«Stiamo per sperimentare la fine della pandemia come fenomeno sociale», scrive il politologo Yascha Mounk, autore del bestseller «Popolo vs Democrazia», sulla rivista The Atlantic. In un articolo intitolato «Omicron segna l’inizio della fine», Mounk nota che qualcosa è cambiato in modo fondamentale nel nostro approccio al virus. Chi è vaccinato non è più disposto a lockdown come in passato, chi non è vaccinato continua ad opporsi e, dunque, non sorprende che a livello politico si propenda più per misure di «adattamento» alla crisi che ad «appiattire» davvero la curva. Lo abbiamo raggiunto al telefono in Toscana dove ha trascorso il Capodanno e dove ha notato l’uso frequente delle mascherine anche all’aperto e assidui controlli dei green pass nei ristoranti e bar: «L’Italia è diventato un Paese di persone che seguono le regole, contrariamente alla sua reputazione».
La pandemia finirà nel 2022?
«Ci sono due modi in cui potrebbe finire nel 2022. Il primo è biologico: scoprire che Omicron non fa ammalare in modo grave la netta maggioranza delle persone e che l’esposizione a questa variante, se vaccinati, protegge da ceppi futuri; così l’oggettiva minaccia del Covid cesserebbe di essere significativa. Ma questa è una congettura. Non sappiamo se sarà così, anche se è una speranza e uno scenario plausibile. Il secondo modo in cui potrebbe finire la pandemia è sociale, come sostengo nell’articolo: consiste nel dire che ci siamo abituati al fatto che la nostra vita implicherà più rischi nel 2022 rispetto al 2019 ma collettivamente e individualmente scegliamo che vivere in modo un più normale valga la pena di correre quei rischi».
L’atteggiamento è cambiato indipendentemente dalla gravità di Omicron?

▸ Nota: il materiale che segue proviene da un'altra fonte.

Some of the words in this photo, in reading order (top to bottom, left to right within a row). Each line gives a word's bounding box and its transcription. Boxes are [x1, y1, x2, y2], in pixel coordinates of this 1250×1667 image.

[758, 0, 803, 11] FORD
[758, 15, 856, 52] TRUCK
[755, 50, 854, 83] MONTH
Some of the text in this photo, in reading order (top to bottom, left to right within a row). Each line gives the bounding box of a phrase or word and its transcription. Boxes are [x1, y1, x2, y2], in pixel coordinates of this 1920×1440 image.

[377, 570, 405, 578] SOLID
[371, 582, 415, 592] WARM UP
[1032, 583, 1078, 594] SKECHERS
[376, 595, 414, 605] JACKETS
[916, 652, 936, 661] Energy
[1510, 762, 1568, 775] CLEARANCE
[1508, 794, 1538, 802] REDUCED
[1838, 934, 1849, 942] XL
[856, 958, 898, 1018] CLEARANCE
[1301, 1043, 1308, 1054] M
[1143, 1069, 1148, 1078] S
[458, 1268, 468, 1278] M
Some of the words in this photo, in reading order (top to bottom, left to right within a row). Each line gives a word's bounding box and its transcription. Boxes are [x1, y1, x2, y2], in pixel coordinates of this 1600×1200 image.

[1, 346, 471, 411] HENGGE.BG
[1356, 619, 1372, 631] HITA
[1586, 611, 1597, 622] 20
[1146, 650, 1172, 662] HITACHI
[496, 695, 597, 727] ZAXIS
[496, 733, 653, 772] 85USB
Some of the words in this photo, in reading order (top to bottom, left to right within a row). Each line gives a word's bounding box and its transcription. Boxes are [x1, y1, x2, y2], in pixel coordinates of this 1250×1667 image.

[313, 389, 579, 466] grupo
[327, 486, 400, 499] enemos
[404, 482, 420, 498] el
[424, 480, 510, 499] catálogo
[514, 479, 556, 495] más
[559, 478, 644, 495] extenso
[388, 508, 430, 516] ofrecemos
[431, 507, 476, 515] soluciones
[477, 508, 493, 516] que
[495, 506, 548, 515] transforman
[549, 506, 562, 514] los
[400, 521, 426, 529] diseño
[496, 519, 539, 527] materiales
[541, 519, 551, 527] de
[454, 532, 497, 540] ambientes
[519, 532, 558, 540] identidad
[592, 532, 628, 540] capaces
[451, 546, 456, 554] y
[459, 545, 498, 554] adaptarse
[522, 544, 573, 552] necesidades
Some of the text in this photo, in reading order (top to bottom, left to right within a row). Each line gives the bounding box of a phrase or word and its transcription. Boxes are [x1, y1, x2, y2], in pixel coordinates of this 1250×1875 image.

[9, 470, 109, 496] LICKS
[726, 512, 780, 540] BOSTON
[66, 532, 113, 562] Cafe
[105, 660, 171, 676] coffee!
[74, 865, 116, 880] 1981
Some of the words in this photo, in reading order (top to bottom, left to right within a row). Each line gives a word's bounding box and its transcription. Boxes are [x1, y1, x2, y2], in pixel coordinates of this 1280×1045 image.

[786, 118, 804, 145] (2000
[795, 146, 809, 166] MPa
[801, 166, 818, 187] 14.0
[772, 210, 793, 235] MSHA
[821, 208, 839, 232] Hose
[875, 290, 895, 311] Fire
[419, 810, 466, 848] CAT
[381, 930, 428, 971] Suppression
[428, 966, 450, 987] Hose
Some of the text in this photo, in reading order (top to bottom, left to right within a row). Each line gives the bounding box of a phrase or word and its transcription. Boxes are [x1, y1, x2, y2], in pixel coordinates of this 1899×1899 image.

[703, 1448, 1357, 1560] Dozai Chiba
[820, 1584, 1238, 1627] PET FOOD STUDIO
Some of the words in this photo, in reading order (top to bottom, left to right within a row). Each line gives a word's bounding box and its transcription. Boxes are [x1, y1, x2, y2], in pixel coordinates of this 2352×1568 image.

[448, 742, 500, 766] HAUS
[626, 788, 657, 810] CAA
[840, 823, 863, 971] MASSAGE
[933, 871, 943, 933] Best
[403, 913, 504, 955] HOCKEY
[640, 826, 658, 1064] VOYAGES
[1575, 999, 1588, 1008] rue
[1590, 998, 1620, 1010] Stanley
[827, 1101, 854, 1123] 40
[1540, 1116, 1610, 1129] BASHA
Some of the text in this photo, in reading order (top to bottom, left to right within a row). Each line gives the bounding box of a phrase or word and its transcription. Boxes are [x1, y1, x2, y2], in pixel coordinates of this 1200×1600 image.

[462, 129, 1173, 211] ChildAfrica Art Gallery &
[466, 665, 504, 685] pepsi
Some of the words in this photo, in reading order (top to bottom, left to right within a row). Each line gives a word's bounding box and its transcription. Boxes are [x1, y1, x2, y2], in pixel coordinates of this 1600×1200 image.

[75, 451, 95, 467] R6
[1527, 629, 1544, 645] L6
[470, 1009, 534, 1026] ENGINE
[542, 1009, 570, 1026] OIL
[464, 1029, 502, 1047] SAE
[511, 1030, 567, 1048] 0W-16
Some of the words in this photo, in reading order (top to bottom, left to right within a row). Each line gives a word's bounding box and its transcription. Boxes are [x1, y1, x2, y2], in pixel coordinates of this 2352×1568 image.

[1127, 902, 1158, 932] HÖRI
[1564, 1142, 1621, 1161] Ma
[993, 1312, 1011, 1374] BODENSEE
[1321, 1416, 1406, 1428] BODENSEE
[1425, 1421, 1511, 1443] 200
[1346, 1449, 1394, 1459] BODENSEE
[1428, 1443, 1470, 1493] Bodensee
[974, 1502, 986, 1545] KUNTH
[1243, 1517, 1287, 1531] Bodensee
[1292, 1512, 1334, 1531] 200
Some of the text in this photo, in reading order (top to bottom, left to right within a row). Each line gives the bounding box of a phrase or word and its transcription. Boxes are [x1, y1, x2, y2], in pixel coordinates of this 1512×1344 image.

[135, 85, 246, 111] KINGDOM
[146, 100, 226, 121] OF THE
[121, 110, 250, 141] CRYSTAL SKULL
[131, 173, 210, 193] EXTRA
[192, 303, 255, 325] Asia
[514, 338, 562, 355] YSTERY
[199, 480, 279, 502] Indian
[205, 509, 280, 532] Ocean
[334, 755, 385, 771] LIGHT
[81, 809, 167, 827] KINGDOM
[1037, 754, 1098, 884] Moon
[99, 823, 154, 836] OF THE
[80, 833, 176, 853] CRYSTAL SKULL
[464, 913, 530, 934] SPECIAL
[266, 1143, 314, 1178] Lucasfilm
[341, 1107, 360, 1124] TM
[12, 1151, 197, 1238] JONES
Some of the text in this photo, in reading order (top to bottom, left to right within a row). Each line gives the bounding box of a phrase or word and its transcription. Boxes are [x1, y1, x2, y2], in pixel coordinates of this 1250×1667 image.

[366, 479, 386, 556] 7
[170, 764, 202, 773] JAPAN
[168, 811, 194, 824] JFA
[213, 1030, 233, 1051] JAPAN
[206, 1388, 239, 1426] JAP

«Anche se Omicron dovesse essere più pericolosa di quanto speriamo e anche se varianti future dovessero essere più gravi, sceglieremo di tornare ad una nuova normalità e non al lockdown: non smetteremo di vedere gli amici, di andare a cena fuori… In questo senso che penso che il 2022 probabilmente porterà la fine della pandemia. I nostri antenati hanno vissuto in contesti in cui i rischi per la loro vita ogni giorno erano enormemente superiori a quelli che affrontiamo noi, anche ora nel picco di Omicron. Eppure sceglievano di uscire e interagire: è un bisogno degli esseri umani. Quel che eroicamente abbiamo scelto nella primavera 2020 sarà sempre l’eccezione nella Storia. Ora possiamo sperare di tornare ad una nuova normalità che sia sicura quanto lo era alcuni anni fa o possiamo temere una nuova normalità in cui i rischi associati al vivere la nostra vita continuino ad essere elevati; ma in ogni caso stiamo cominciando a rientrare in una sorta di normalità in cui il bisogno di vita sociale ha la precedenza sulla paura del contagio».
Le regole
«Ci sono tre aspetti. Anche quando nel marzo 2020 scrissi un articolo intitolato “Cancel Everything”, in cui consigliavo il distanziamento sociale, dal lavoro in remoto alla cancellazione di eventi sportivi, l’aspettativa era che fossero misure temporanee: non poter vedere la tua famiglia per Natale è sostenibile solo per un tempo limitato. Il secondo è che i rischi oggettivi del virus sono significativamente più bassi ora rispetto al marzo 2020 perché in un Paese come l’Italia oltre l’80% della popolazione è vaccinato e molti hanno avuto un qualche contatto con il virus, e poi la capacità di cura è migliorata grazie all’esperienza dei medici e a nuovi farmaci. Il terzo aspetto è la stanchezza: ci siamo preoccupati così a lungo, non ne possiamo più. Tirando le somme è evidente che la reazione ad Omicron è assai diversa rispetto agli stadi iniziali della pandemia. I governi applicano alcune restrizioni, le persone sono un po’ più attente, ma non sono disposte a stravolgere le loro vite come nella primavera del 2020».
Questa fase della pandemia sembra molto diversa nelle società occidentali rispetto alla Cina che continua controlli ferrei: è una rivincita della società aperte?
«Non so fino a che punto la differenza sia ideologica o pratica. A lungo la Cina ha avuto più successo nel contenimento del virus rispetto alle democrazie occidentali, ma come risultato hanno una popolazione più “vergine” da un punto di vista immunologico, non essendo mai stata a contatto con il virus; così il pericolo con Omicron è molto più alto. Il paradosso è che il nostro relativo fallimento nel controllare il virus ci mette in una posizione migliore per affrontare nuove varanti, mentre in Cina il relativo successo iniziale rende più difficile tornare a qualcosa che somigli alla normalità».